*** Begin section ***

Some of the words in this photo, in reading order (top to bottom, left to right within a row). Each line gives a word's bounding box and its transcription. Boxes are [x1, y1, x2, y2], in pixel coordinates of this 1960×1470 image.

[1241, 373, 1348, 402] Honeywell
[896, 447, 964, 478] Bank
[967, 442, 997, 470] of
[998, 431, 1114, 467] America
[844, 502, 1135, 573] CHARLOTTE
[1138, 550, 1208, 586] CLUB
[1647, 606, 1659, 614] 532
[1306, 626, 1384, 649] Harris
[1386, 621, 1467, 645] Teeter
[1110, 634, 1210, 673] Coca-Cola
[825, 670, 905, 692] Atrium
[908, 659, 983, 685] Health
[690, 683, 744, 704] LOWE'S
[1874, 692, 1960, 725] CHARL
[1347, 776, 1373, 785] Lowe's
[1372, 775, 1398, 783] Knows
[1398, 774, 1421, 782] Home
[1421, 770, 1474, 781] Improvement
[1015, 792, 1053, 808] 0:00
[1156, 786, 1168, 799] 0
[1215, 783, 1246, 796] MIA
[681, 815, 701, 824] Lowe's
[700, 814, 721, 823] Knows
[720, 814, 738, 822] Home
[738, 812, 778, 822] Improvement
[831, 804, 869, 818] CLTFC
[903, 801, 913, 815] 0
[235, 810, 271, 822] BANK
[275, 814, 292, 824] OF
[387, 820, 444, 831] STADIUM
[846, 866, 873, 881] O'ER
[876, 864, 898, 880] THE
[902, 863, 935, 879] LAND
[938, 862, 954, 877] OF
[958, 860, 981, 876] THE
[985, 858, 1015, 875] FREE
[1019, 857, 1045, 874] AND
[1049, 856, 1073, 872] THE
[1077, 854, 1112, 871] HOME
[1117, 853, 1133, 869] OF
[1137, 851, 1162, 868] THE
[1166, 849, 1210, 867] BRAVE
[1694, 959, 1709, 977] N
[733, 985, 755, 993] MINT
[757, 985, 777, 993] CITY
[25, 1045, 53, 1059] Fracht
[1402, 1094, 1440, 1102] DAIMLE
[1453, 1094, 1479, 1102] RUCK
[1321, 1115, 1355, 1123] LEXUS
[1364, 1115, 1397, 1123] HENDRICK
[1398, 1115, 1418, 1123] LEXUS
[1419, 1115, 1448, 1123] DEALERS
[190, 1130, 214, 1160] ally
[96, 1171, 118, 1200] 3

*** End section ***

## Task description
Exactly reproduce all of the entries.

## Solution below
Some of the words in this photo, in reading order (top to bottom, left to right within a row). Each line gives a word's bounding box and its transcription. Boxes are [x1, y1, x2, y2], in pixel coordinates of this 1960×1470 image.

[1241, 373, 1348, 402] Honeywell
[896, 447, 964, 478] Bank
[967, 442, 997, 470] of
[998, 431, 1114, 467] America
[844, 502, 1135, 573] CHARLOTTE
[1138, 550, 1208, 586] CLUB
[1647, 606, 1659, 614] 532
[1306, 626, 1384, 649] Harris
[1386, 621, 1467, 645] Teeter
[1110, 634, 1210, 673] Coca-Cola
[825, 670, 905, 692] Atrium
[908, 659, 983, 685] Health
[690, 683, 744, 704] LOWE'S
[1874, 692, 1960, 725] CHARL
[1347, 776, 1373, 785] Lowe's
[1372, 775, 1398, 783] Knows
[1398, 774, 1421, 782] Home
[1421, 770, 1474, 781] Improvement
[1015, 792, 1053, 808] 0:00
[1156, 786, 1168, 799] 0
[1215, 783, 1246, 796] MIA
[681, 815, 701, 824] Lowe's
[700, 814, 721, 823] Knows
[720, 814, 738, 822] Home
[738, 812, 778, 822] Improvement
[831, 804, 869, 818] CLTFC
[903, 801, 913, 815] 0
[235, 810, 271, 822] BANK
[275, 814, 292, 824] OF
[387, 820, 444, 831] STADIUM
[846, 866, 873, 881] O'ER
[876, 864, 898, 880] THE
[902, 863, 935, 879] LAND
[938, 862, 954, 877] OF
[958, 860, 981, 876] THE
[985, 858, 1015, 875] FREE
[1019, 857, 1045, 874] AND
[1049, 856, 1073, 872] THE
[1077, 854, 1112, 871] HOME
[1117, 853, 1133, 869] OF
[1137, 851, 1162, 868] THE
[1166, 849, 1210, 867] BRAVE
[1694, 959, 1709, 977] N
[733, 985, 755, 993] MINT
[757, 985, 777, 993] CITY
[25, 1045, 53, 1059] Fracht
[1402, 1094, 1440, 1102] DAIMLE
[1453, 1094, 1479, 1102] RUCK
[1321, 1115, 1355, 1123] LEXUS
[1364, 1115, 1397, 1123] HENDRICK
[1398, 1115, 1418, 1123] LEXUS
[1419, 1115, 1448, 1123] DEALERS
[190, 1130, 214, 1160] ally
[96, 1171, 118, 1200] 3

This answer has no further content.